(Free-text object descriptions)
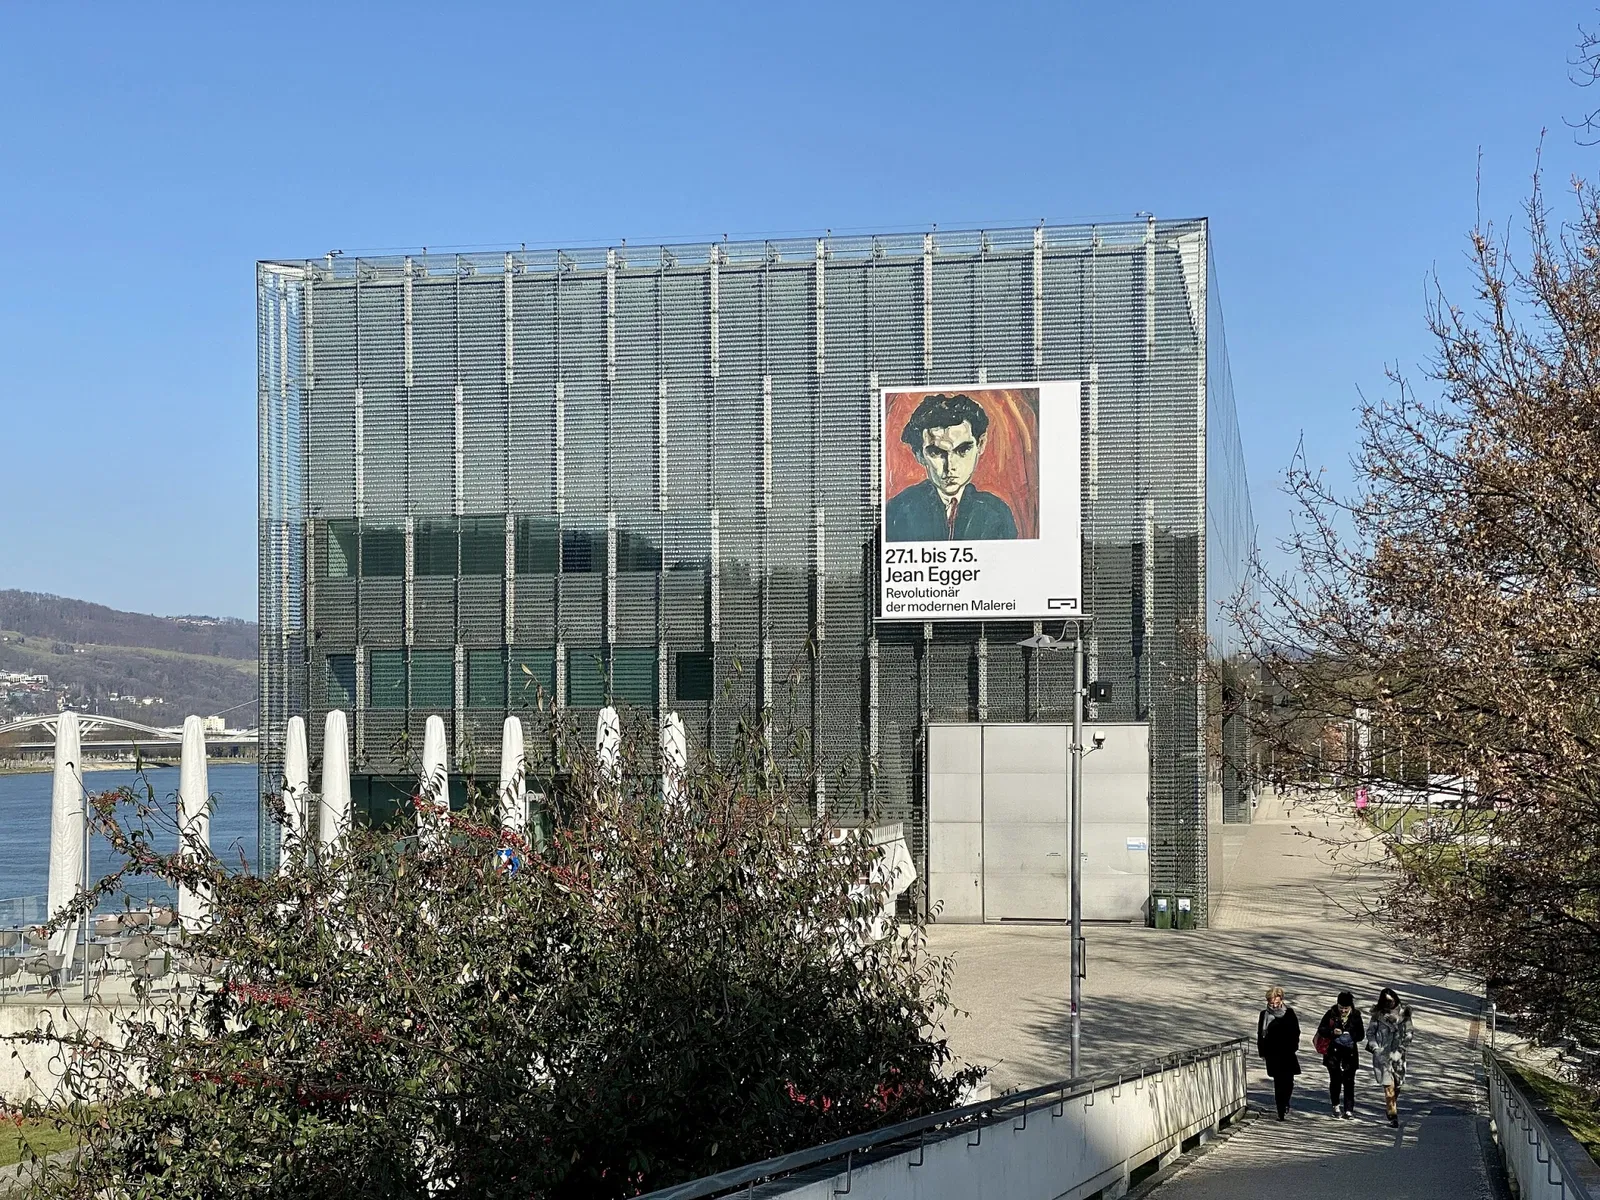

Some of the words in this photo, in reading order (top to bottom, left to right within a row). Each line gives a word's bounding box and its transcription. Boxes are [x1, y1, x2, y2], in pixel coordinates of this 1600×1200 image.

[885, 548, 918, 564] 27.1.
[921, 547, 947, 563] bis
[949, 547, 978, 563] 7.5.
[885, 567, 924, 583] Jean
[928, 566, 980, 585] Egger
[886, 587, 961, 599] Revolutionär
[886, 601, 906, 613] der
[907, 602, 969, 612] modernen
[971, 599, 1016, 611] Malerei
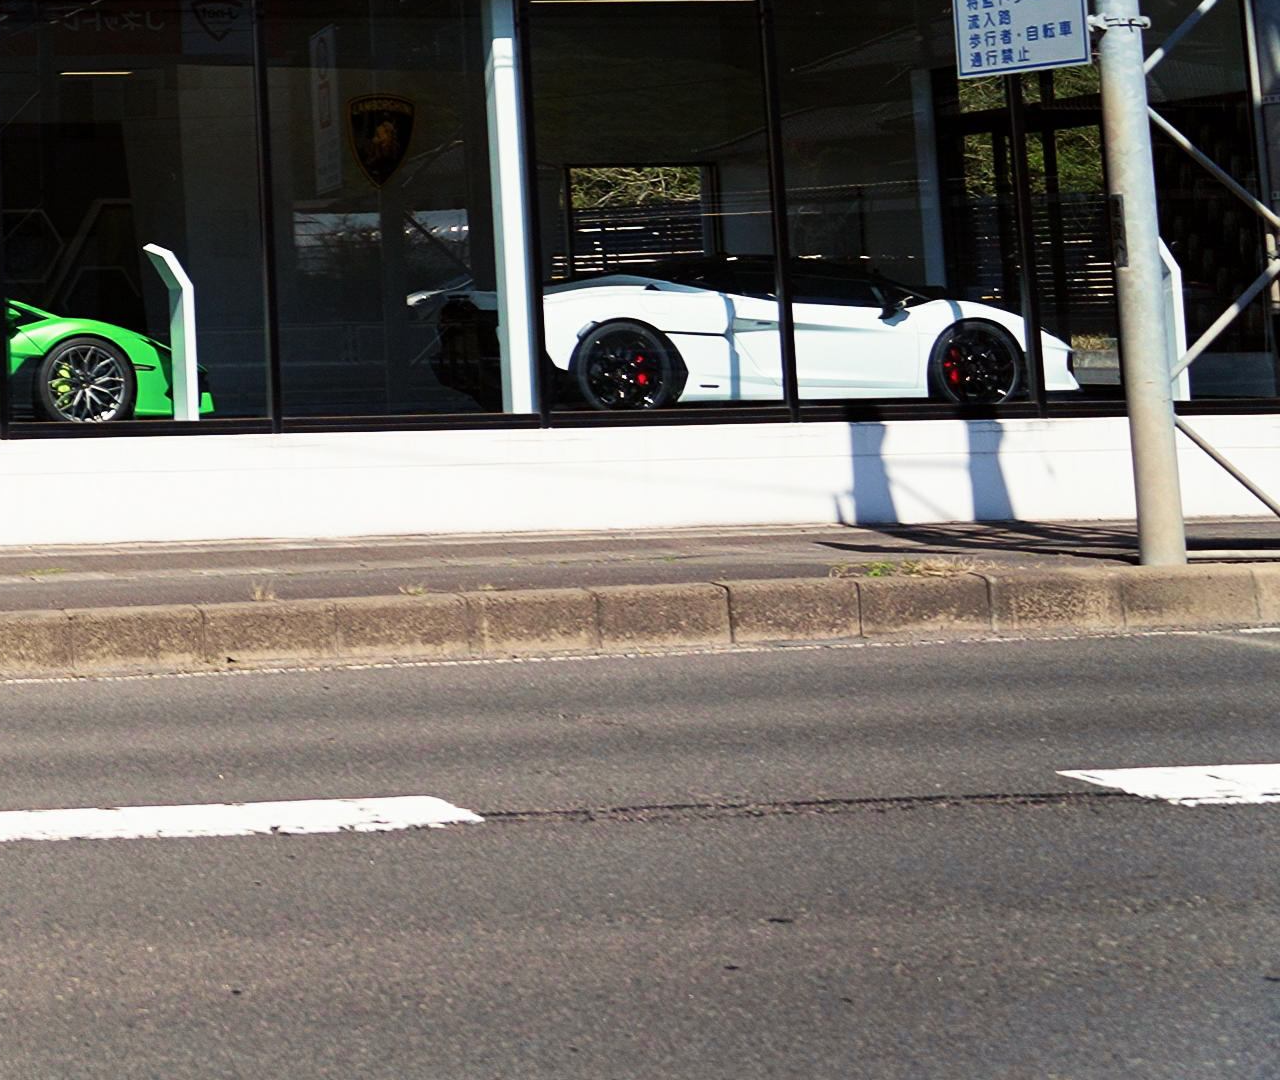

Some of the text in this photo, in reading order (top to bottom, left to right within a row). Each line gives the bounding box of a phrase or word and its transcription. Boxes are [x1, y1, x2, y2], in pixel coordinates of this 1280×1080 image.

[967, 9, 1011, 30] 流入路
[969, 21, 1072, 49] 歩行者・自転車
[970, 46, 1030, 68] 通行禁止

● EXERCISE AIM: The copy you output must match the entries above exactly, except that it has no pictures.

● RESPONSE FOR THIS EXERCISE:
Some of the words in this photo, in reading order (top to bottom, left to right within a row). Each line gives a word's bounding box and its transcription. Boxes are [x1, y1, x2, y2], in pixel coordinates of this 1600×1200 image.

[885, 548, 918, 564] 27.1.
[921, 547, 947, 563] bis
[949, 547, 978, 563] 7.5.
[885, 567, 924, 583] Jean
[928, 566, 980, 585] Egger
[886, 587, 961, 599] Revolutionär
[886, 601, 906, 613] der
[907, 602, 969, 612] modernen
[971, 599, 1016, 611] Malerei

Some of the text in this photo, in reading order (top to bottom, left to right within a row). Each line gives the bounding box of a phrase or word and its transcription. Boxes are [x1, y1, x2, y2], in pixel coordinates of this 1280×1080 image.

[967, 9, 1011, 30] 流入路
[969, 21, 1072, 49] 歩行者・自転車
[970, 46, 1030, 68] 通行禁止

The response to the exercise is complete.